Welcome to the latest on the UK Labour Market, covering the period January to March 2013.
Focusing firstly on unemployment, there were 2.52 million people aged 16 or over who were out of work but seeking and available to work, a rise of 15,000 compared with the previous three months. Looking at the unemployment rate, 7.8% of the labour force aged 16 and over could not find a job.
If we break down these 2.52 million people by the duration of their unemployment we see that almost 1 in every 5, or 18% had been looking for work for over 2 years. However, we also see that just under half, or 47%, had only been out of work for up to 6 months.
Turning our attention to employment, there were 29.71 million people aged 16 and over in work, this was a fall of 43,000 on the previous three months and 71.4% of people aged 16 to 64 were employed.

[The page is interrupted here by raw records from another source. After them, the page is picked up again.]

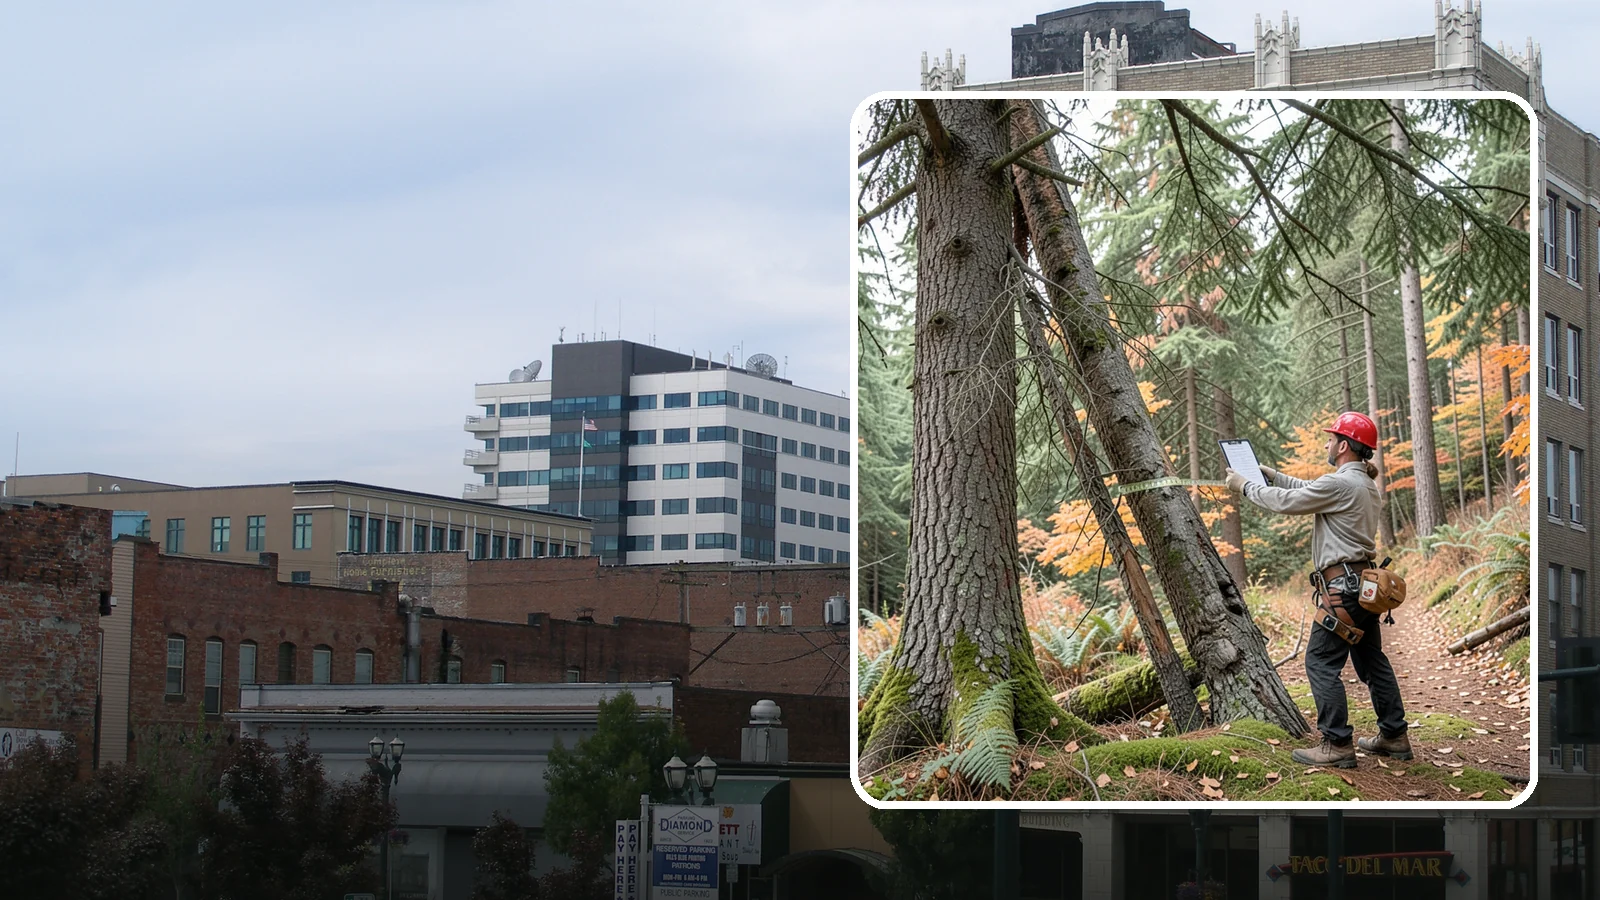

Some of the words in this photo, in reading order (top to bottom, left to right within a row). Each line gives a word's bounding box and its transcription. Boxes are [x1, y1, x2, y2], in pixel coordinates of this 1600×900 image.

[343, 568, 368, 577] Home
[370, 566, 427, 577] Furnishers
[660, 818, 713, 833] DIAMOND
[1022, 815, 1070, 827] BUILDING
[617, 825, 625, 852] PAY
[628, 825, 637, 852] PAY
[689, 846, 716, 854] PARKING
[671, 862, 701, 870] PATRONS
[1346, 856, 1385, 876] DEL
[1393, 856, 1443, 877] MAR
[616, 856, 625, 893] HERE
[627, 856, 636, 893] HERE
[660, 888, 682, 897] PUBLIC
[683, 889, 710, 898] PARKING

Moving down to look at job vacancies, 503,000 job vacancies were recorded between February and April 2013. This is the highest since the end of 2008.
Now looking at those not in the labour force, known as economically inactive, 9 million people aged between 16 and 64 were either not looking for work or not available to work, a rise of 47,000 compared with the previous 3 months. Breaking this increase down, there was a rise for men, but the number of inactive women fell, with a continuing fall in the number of women looking after the family or home.

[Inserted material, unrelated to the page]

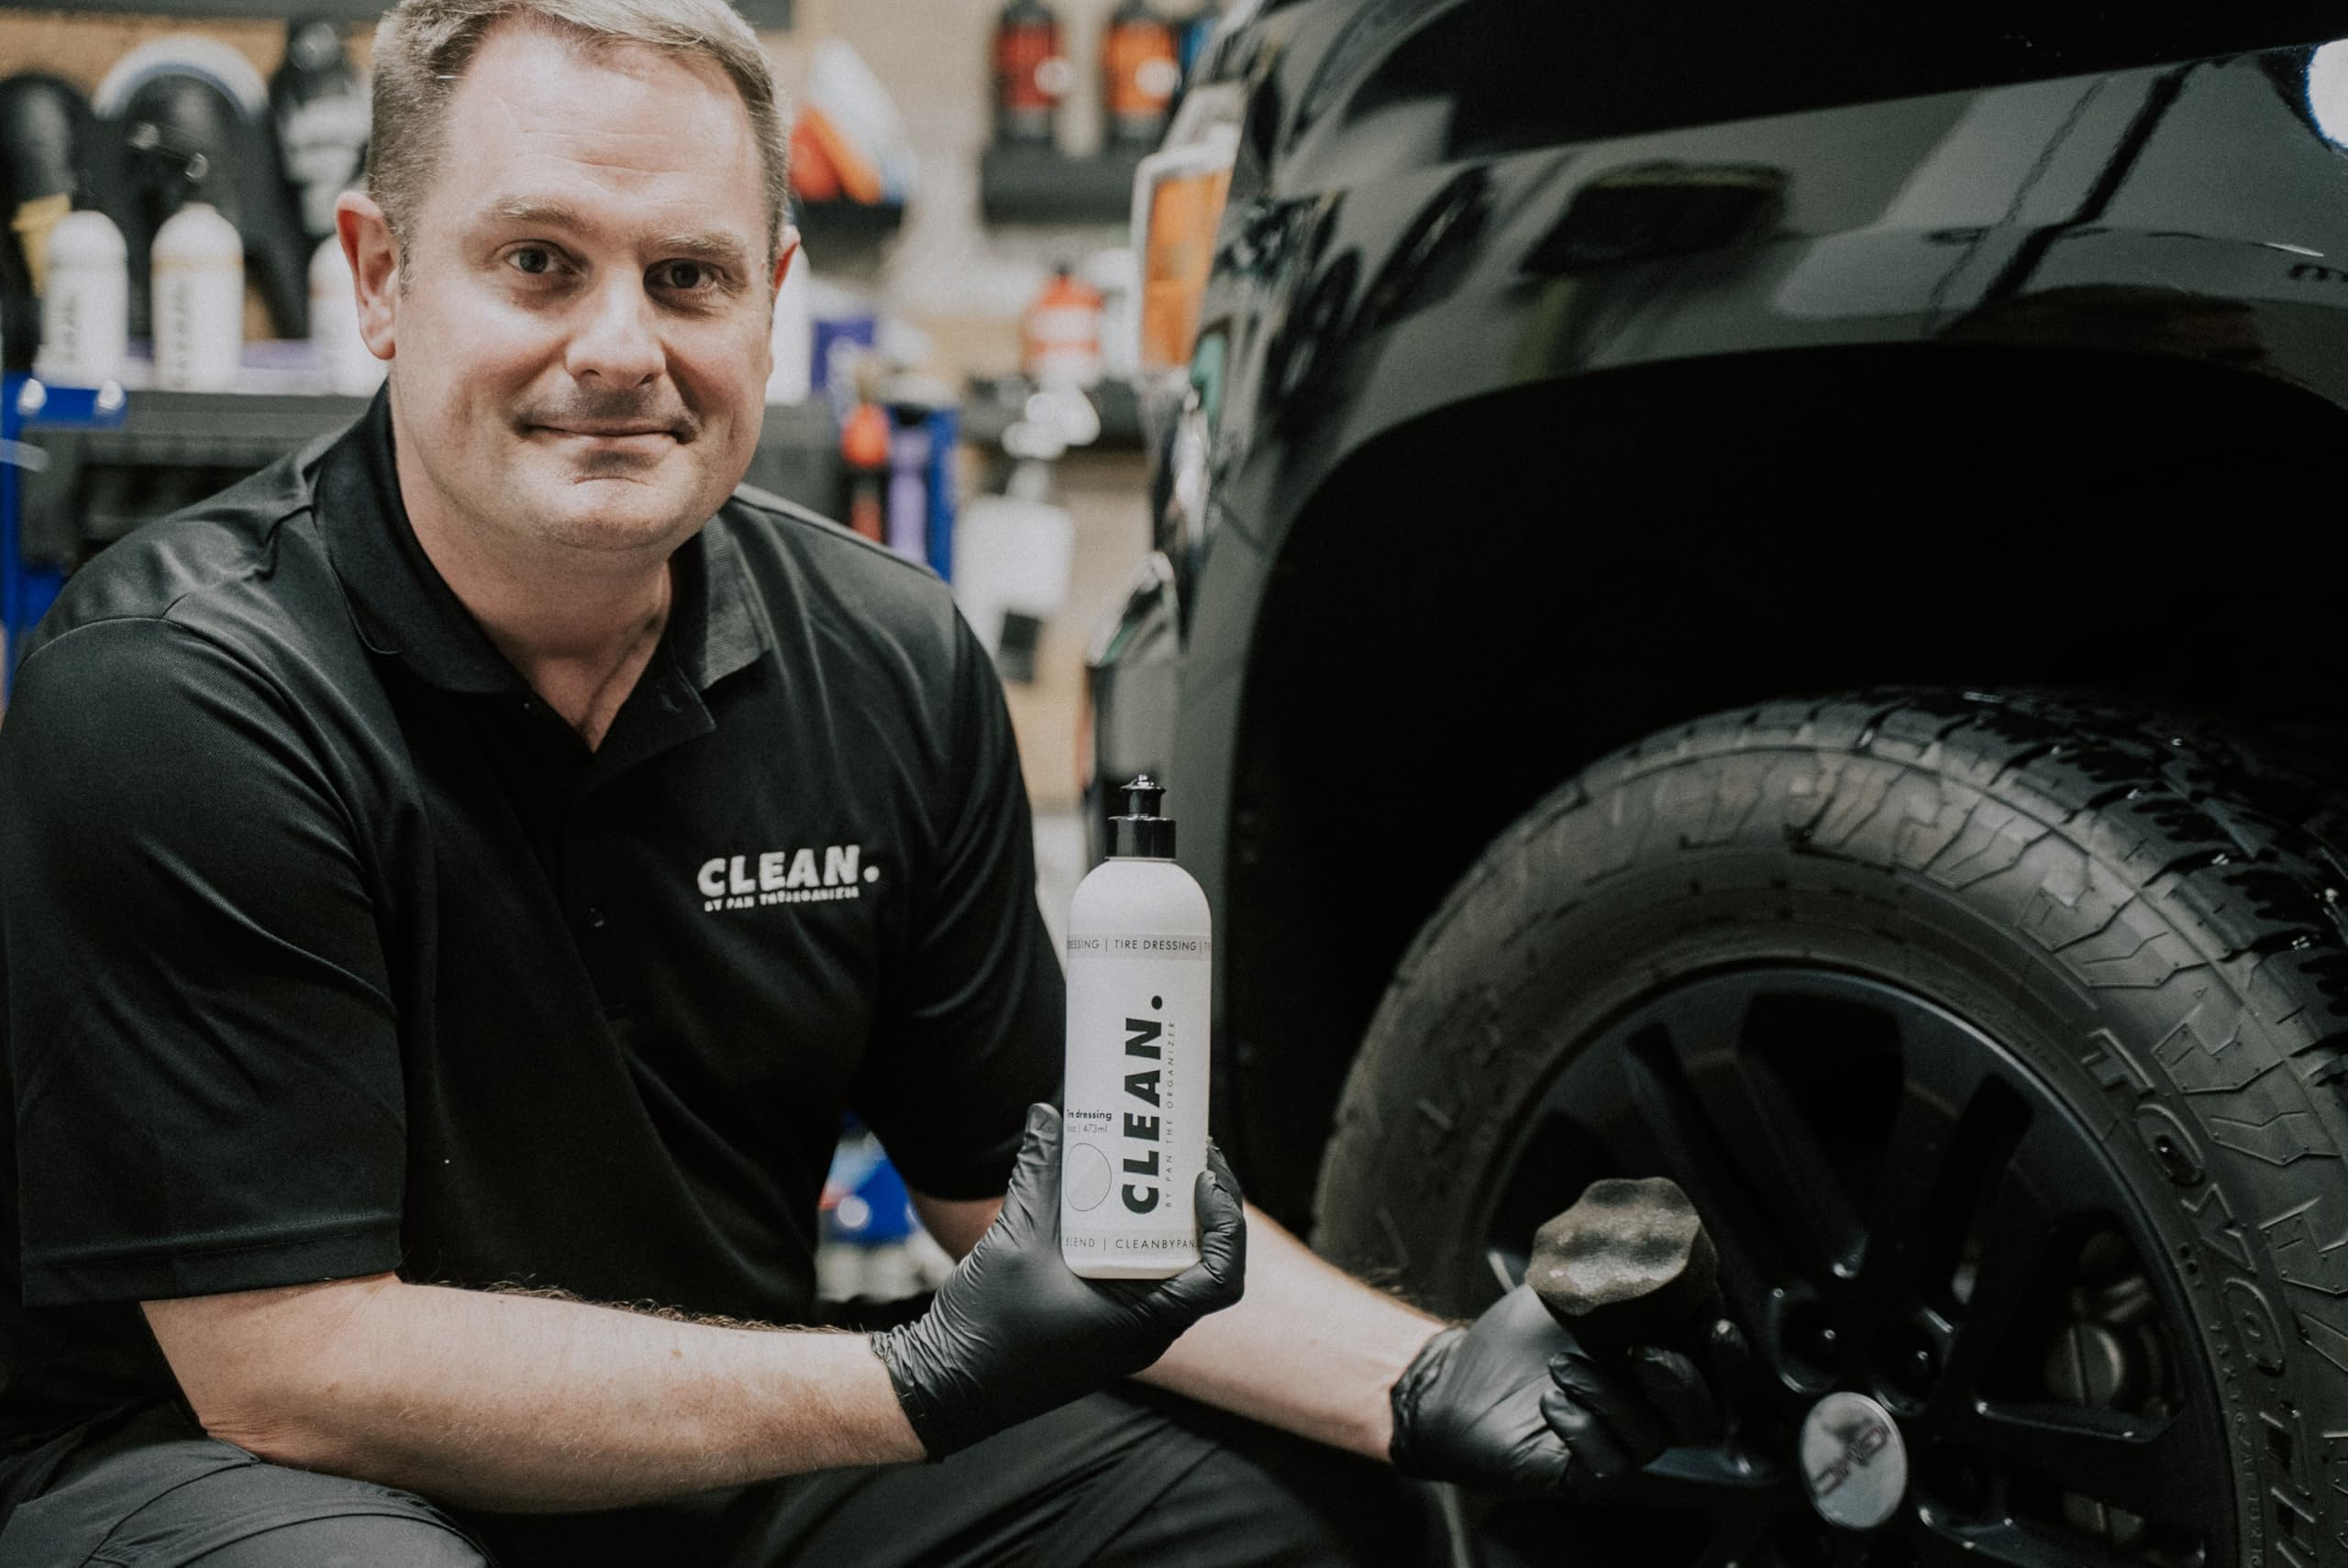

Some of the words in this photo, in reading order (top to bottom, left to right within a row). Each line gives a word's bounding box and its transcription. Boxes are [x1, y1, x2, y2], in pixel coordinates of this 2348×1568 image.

Moving up and looking at the claimant count for April 2013, there were 1.52 million people aged 18 and over who were claiming Jobseeker’s Allowance, which is a benefit related to looking for work. This was a fall of 7,300 from the figure reported for March 2013 and around two thirds of all claimants were men.
If we now go back to employment, and look in a little more detail, this month at average weekly earnings, we see that in March 2013 the average level of weekly wages excluding bonuses was £444 while the average level of weekly wages including bonuses was £19 higher at £463.
Focusing now on the difference in annual growth rates, the annual growth in wages excluding bonuses was at 0.8% while the annual growth in wages including bonuses was lower, at 0.4%. The low growth in wages including bonuses is partially explained by some businesses reporting that bonuses that would normally be paid in March are expected to be paid later.
Looking at this chart comparing annual growth rates in wages including and excluding bonuses since 2001 we see that only wages including bonuses have experienced negative growth over this time period. This was following a large dip in bonuses after the 2008/2009 recession. Annual growth in wages excluding bonuses has remained positive but it has still been low with this month’s figure of 0.8% being the lowest since comparable records began in 2001.
And that was the latest on the UK labour market.